[Referring expression grounding data]
BEGIN

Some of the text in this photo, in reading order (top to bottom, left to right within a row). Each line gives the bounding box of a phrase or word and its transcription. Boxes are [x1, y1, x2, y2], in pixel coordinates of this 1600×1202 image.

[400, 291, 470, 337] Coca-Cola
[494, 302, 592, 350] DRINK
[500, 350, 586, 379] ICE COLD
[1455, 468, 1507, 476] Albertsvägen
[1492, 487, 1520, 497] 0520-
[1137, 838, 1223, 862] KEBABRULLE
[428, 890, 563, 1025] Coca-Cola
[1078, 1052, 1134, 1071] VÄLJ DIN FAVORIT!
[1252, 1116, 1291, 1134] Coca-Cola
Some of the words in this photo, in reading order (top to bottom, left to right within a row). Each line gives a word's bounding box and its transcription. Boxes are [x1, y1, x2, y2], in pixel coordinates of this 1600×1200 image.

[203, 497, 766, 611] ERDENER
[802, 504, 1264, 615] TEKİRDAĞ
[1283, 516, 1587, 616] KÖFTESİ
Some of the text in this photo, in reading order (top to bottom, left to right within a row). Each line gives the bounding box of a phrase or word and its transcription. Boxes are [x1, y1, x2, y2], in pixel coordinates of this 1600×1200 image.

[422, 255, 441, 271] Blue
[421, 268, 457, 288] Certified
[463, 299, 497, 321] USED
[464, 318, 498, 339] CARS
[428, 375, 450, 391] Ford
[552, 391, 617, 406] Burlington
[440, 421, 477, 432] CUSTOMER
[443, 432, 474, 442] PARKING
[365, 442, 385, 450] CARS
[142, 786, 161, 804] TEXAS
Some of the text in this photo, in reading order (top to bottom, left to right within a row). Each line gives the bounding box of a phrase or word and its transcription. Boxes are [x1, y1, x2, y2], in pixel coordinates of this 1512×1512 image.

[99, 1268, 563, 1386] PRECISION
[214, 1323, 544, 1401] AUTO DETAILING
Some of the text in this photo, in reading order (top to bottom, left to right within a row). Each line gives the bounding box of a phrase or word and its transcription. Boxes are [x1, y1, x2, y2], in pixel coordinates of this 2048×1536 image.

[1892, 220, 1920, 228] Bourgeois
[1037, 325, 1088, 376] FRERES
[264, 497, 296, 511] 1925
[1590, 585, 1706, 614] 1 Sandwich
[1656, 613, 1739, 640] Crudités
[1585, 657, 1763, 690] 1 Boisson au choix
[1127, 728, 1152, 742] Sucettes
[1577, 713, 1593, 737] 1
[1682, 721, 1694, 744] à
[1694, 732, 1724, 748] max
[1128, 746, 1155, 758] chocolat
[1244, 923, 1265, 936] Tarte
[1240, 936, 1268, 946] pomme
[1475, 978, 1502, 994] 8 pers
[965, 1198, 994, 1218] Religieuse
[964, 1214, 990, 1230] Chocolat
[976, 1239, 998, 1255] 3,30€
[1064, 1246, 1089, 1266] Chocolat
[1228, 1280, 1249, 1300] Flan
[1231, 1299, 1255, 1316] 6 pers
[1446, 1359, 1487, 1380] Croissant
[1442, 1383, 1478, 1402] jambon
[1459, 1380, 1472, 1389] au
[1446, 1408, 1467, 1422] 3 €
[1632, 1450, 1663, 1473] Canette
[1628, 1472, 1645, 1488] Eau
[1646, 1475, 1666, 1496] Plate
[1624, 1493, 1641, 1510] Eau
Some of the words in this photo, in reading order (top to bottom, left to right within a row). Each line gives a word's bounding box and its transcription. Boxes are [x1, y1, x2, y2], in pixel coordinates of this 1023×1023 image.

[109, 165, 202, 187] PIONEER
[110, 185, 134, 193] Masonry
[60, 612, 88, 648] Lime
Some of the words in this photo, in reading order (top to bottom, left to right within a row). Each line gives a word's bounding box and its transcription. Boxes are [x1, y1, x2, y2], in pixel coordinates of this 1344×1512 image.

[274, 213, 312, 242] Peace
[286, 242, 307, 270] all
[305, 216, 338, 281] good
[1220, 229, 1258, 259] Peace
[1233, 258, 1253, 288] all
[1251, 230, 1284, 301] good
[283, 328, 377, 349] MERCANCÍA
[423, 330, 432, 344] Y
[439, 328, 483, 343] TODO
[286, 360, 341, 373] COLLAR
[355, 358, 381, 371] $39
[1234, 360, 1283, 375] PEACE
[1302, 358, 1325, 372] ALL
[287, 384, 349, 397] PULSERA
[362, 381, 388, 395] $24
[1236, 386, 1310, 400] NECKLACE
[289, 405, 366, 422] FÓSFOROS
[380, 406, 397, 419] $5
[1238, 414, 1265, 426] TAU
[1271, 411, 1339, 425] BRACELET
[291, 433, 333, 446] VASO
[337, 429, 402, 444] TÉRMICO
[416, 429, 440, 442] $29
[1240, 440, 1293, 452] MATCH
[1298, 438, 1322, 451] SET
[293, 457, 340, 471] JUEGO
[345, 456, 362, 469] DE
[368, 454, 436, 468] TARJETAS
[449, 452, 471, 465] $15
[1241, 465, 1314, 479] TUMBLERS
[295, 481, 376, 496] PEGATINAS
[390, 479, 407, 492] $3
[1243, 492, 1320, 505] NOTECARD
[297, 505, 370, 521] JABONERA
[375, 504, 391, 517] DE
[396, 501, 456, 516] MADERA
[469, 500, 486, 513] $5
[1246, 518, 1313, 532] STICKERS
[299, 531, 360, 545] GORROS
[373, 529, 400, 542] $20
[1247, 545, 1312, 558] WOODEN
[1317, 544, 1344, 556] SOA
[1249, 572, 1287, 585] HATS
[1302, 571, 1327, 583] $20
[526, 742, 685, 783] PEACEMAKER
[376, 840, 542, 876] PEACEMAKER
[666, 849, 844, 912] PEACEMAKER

END

Problem description: Output every record above exactly as it was given.

Solution below:
Some of the text in this photo, in reading order (top to bottom, left to right within a row). Each line gives the bounding box of a phrase or word and its transcription. Boxes are [x1, y1, x2, y2], in pixel coordinates of this 1600×1202 image.

[400, 291, 470, 337] Coca-Cola
[494, 302, 592, 350] DRINK
[500, 350, 586, 379] ICE COLD
[1455, 468, 1507, 476] Albertsvägen
[1492, 487, 1520, 497] 0520-
[1137, 838, 1223, 862] KEBABRULLE
[428, 890, 563, 1025] Coca-Cola
[1078, 1052, 1134, 1071] VÄLJ DIN FAVORIT!
[1252, 1116, 1291, 1134] Coca-Cola
Some of the words in this photo, in reading order (top to bottom, left to right within a row). Each line gives a word's bounding box and its transcription. Boxes are [x1, y1, x2, y2], in pixel coordinates of this 1600×1200 image.

[203, 497, 766, 611] ERDENER
[802, 504, 1264, 615] TEKİRDAĞ
[1283, 516, 1587, 616] KÖFTESİ
Some of the text in this photo, in reading order (top to bottom, left to right within a row). Each line gives the bounding box of a phrase or word and its transcription. Boxes are [x1, y1, x2, y2], in pixel coordinates of this 1600×1200 image.

[422, 255, 441, 271] Blue
[421, 268, 457, 288] Certified
[463, 299, 497, 321] USED
[464, 318, 498, 339] CARS
[428, 375, 450, 391] Ford
[552, 391, 617, 406] Burlington
[440, 421, 477, 432] CUSTOMER
[443, 432, 474, 442] PARKING
[365, 442, 385, 450] CARS
[142, 786, 161, 804] TEXAS
Some of the text in this photo, in reading order (top to bottom, left to right within a row). Each line gives the bounding box of a phrase or word and its transcription. Boxes are [x1, y1, x2, y2], in pixel coordinates of this 1512×1512 image.

[99, 1268, 563, 1386] PRECISION
[214, 1323, 544, 1401] AUTO DETAILING
Some of the text in this photo, in reading order (top to bottom, left to right within a row). Each line gives the bounding box of a phrase or word and its transcription. Boxes are [x1, y1, x2, y2], in pixel coordinates of this 2048×1536 image.

[1892, 220, 1920, 228] Bourgeois
[1037, 325, 1088, 376] FRERES
[264, 497, 296, 511] 1925
[1590, 585, 1706, 614] 1 Sandwich
[1656, 613, 1739, 640] Crudités
[1585, 657, 1763, 690] 1 Boisson au choix
[1127, 728, 1152, 742] Sucettes
[1577, 713, 1593, 737] 1
[1682, 721, 1694, 744] à
[1694, 732, 1724, 748] max
[1128, 746, 1155, 758] chocolat
[1244, 923, 1265, 936] Tarte
[1240, 936, 1268, 946] pomme
[1475, 978, 1502, 994] 8 pers
[965, 1198, 994, 1218] Religieuse
[964, 1214, 990, 1230] Chocolat
[976, 1239, 998, 1255] 3,30€
[1064, 1246, 1089, 1266] Chocolat
[1228, 1280, 1249, 1300] Flan
[1231, 1299, 1255, 1316] 6 pers
[1446, 1359, 1487, 1380] Croissant
[1442, 1383, 1478, 1402] jambon
[1459, 1380, 1472, 1389] au
[1446, 1408, 1467, 1422] 3 €
[1632, 1450, 1663, 1473] Canette
[1628, 1472, 1645, 1488] Eau
[1646, 1475, 1666, 1496] Plate
[1624, 1493, 1641, 1510] Eau
Some of the words in this photo, in reading order (top to bottom, left to right within a row). Each line gives a word's bounding box and its transcription. Boxes are [x1, y1, x2, y2], in pixel coordinates of this 1023×1023 image.

[109, 165, 202, 187] PIONEER
[110, 185, 134, 193] Masonry
[60, 612, 88, 648] Lime
Some of the words in this photo, in reading order (top to bottom, left to right within a row). Each line gives a word's bounding box and its transcription. Boxes are [x1, y1, x2, y2], in pixel coordinates of this 1344×1512 image.

[274, 213, 312, 242] Peace
[286, 242, 307, 270] all
[305, 216, 338, 281] good
[1220, 229, 1258, 259] Peace
[1233, 258, 1253, 288] all
[1251, 230, 1284, 301] good
[283, 328, 377, 349] MERCANCÍA
[423, 330, 432, 344] Y
[439, 328, 483, 343] TODO
[286, 360, 341, 373] COLLAR
[355, 358, 381, 371] $39
[1234, 360, 1283, 375] PEACE
[1302, 358, 1325, 372] ALL
[287, 384, 349, 397] PULSERA
[362, 381, 388, 395] $24
[1236, 386, 1310, 400] NECKLACE
[289, 405, 366, 422] FÓSFOROS
[380, 406, 397, 419] $5
[1238, 414, 1265, 426] TAU
[1271, 411, 1339, 425] BRACELET
[291, 433, 333, 446] VASO
[337, 429, 402, 444] TÉRMICO
[416, 429, 440, 442] $29
[1240, 440, 1293, 452] MATCH
[1298, 438, 1322, 451] SET
[293, 457, 340, 471] JUEGO
[345, 456, 362, 469] DE
[368, 454, 436, 468] TARJETAS
[449, 452, 471, 465] $15
[1241, 465, 1314, 479] TUMBLERS
[295, 481, 376, 496] PEGATINAS
[390, 479, 407, 492] $3
[1243, 492, 1320, 505] NOTECARD
[297, 505, 370, 521] JABONERA
[375, 504, 391, 517] DE
[396, 501, 456, 516] MADERA
[469, 500, 486, 513] $5
[1246, 518, 1313, 532] STICKERS
[299, 531, 360, 545] GORROS
[373, 529, 400, 542] $20
[1247, 545, 1312, 558] WOODEN
[1317, 544, 1344, 556] SOA
[1249, 572, 1287, 585] HATS
[1302, 571, 1327, 583] $20
[526, 742, 685, 783] PEACEMAKER
[376, 840, 542, 876] PEACEMAKER
[666, 849, 844, 912] PEACEMAKER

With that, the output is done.